Folks' SongMedium Ensemble
00:00 / 10:00

“Folks’ Song” is one of my favorite charts to listen to and play, so as I’m getting the itch to go make music with people again this chart has popped in my consciousness quite a bit. There is a version for standard big band but it’s one of a handful of charts where I really feel like the music lives in the Medium Ensemble setting and this is one of the better recordings we’ve gotten over the years.

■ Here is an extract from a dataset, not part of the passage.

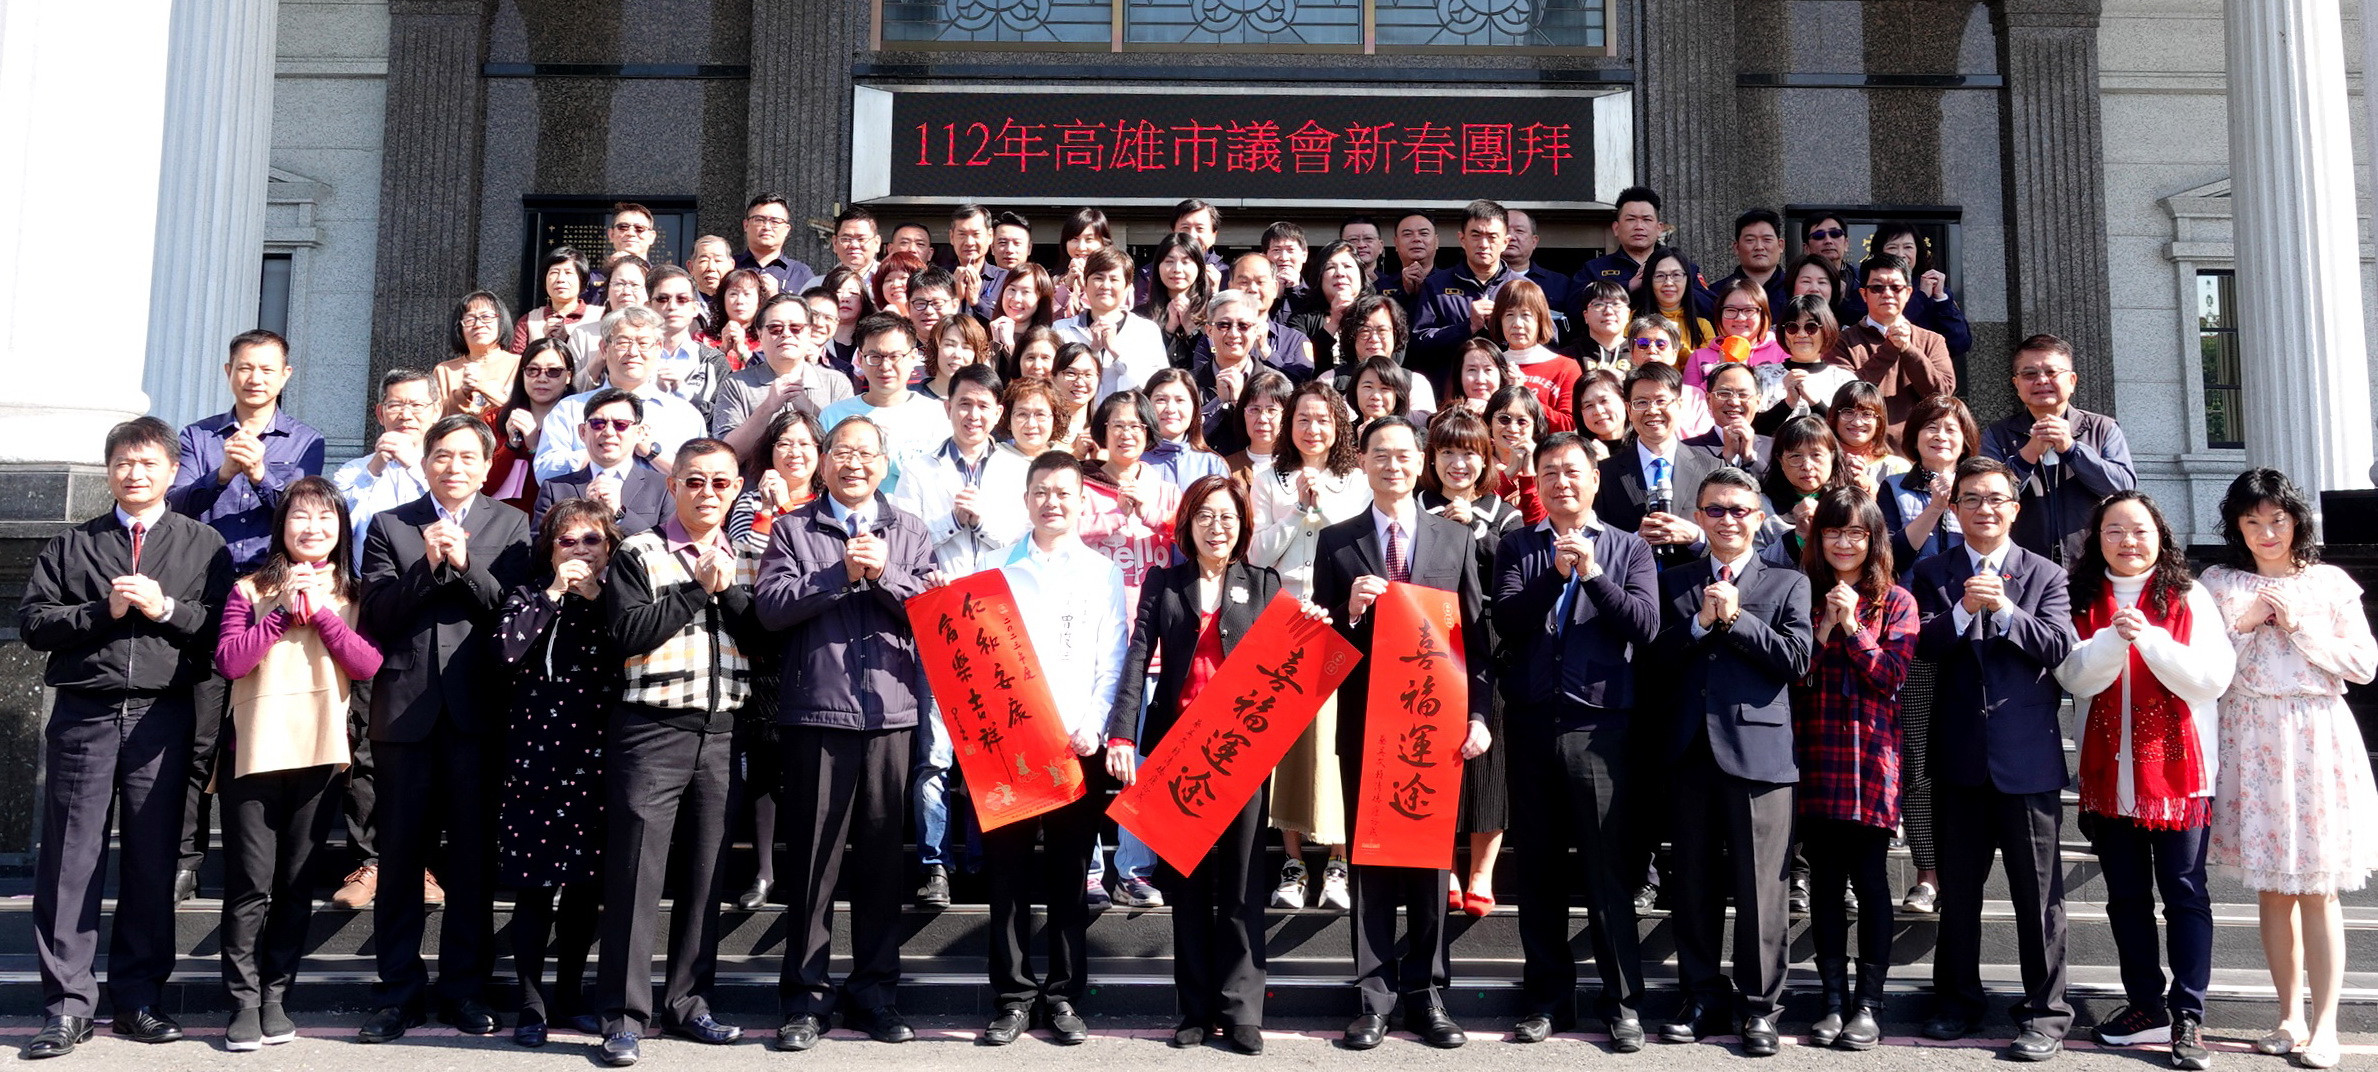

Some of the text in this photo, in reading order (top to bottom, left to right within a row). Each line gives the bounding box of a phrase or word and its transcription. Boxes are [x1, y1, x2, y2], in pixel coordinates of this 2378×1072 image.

[915, 117, 1573, 176] 112年高雄市議會新春團拜
[1168, 647, 1304, 819] 喜福運途
[1389, 618, 1448, 821] 喜福運途

Musically it started like a lot of my charts do with some rather liberal borrowing. The four-note figure that starts the piece comes from “Battle Cry” by Ryan Kisor, one of the first songs I ever arranged for big band and written by one of my favorite jazz trumpet players. I turned it into a piano montuno, inverted the notes for the left hand, and the rest of the song developed on its own. The title comes partly from my love of Cuban folk music and in particular its simplicity and joy, but mostly just from my love of my folks. My family has always been there, and always supported me, and just generically been good examples of who I want to be when I finally decide to grow up. It’s part thank you, and part celebration, but mostly it’s just fun and comforting and a small attempt at representing emotionally how my folks make me feel.

Epidendrum 'Pacific Sunset' x 'Pink Rabbit'.JPG

Look, Nature!

This is a Leucocoryne coquimbensis, and it would be difficult for me to know less about this flower other than that my wife labeled the picture as "Leucocoryne coquimbensis" and I think it's pretty.